Task statement. An unchanged copy of all the lines below is expected, and it should contain no pictures.

Data provided.
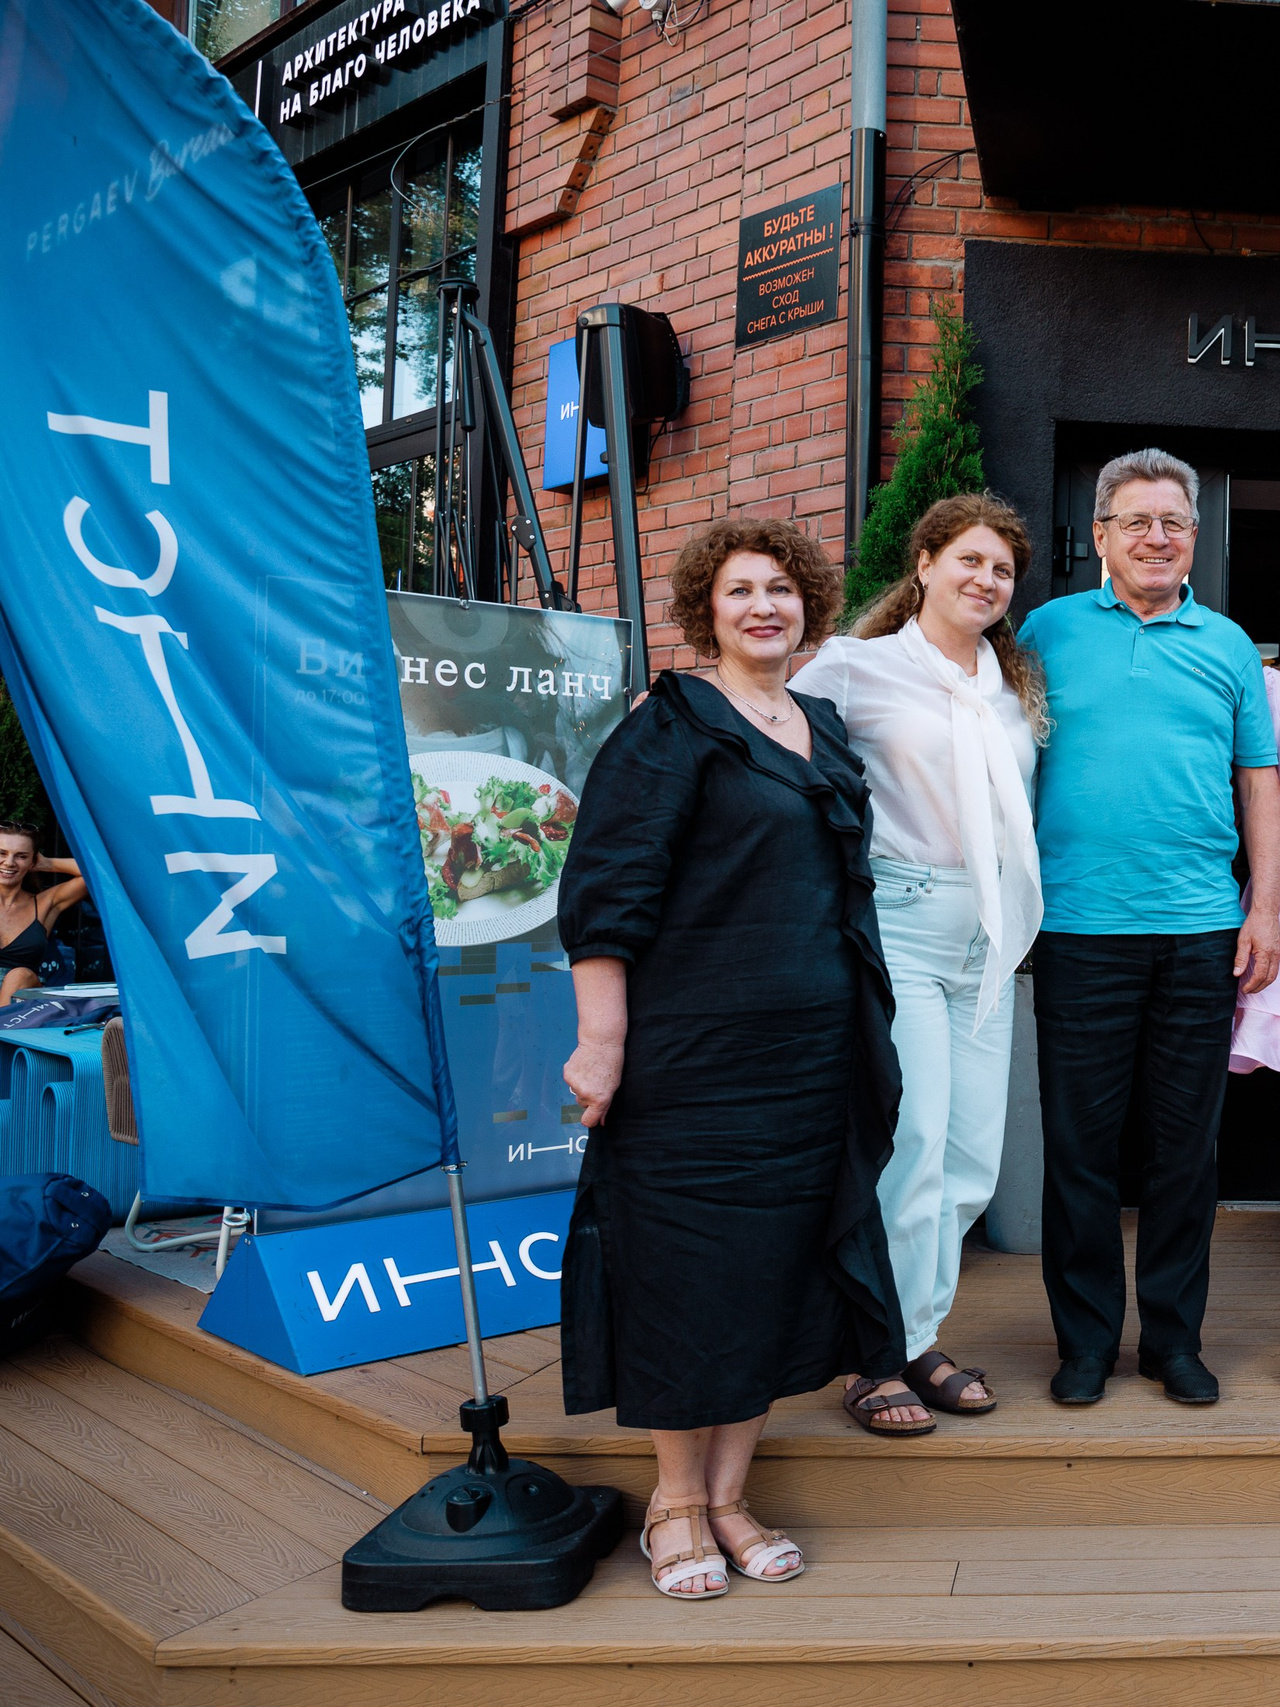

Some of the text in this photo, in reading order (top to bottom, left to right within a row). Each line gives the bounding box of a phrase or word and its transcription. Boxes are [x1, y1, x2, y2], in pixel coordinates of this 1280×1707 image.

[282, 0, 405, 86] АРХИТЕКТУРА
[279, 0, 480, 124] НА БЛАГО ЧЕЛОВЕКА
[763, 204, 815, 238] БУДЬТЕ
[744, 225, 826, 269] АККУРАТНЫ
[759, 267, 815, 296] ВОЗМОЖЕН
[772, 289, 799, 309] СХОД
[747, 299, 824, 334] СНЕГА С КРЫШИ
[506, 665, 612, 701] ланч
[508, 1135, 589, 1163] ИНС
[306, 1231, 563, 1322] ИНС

Response to the exercise.
Some of the text in this photo, in reading order (top to bottom, left to right within a row). Each line gives the bounding box of a phrase or word and its transcription. Boxes are [x1, y1, x2, y2], in pixel coordinates of this 1280×1707 image.

[282, 0, 405, 86] АРХИТЕКТУРА
[279, 0, 480, 124] НА БЛАГО ЧЕЛОВЕКА
[763, 204, 815, 238] БУДЬТЕ
[744, 225, 826, 269] АККУРАТНЫ
[759, 267, 815, 296] ВОЗМОЖЕН
[772, 289, 799, 309] СХОД
[747, 299, 824, 334] СНЕГА С КРЫШИ
[506, 665, 612, 701] ланч
[508, 1135, 589, 1163] ИНС
[306, 1231, 563, 1322] ИНС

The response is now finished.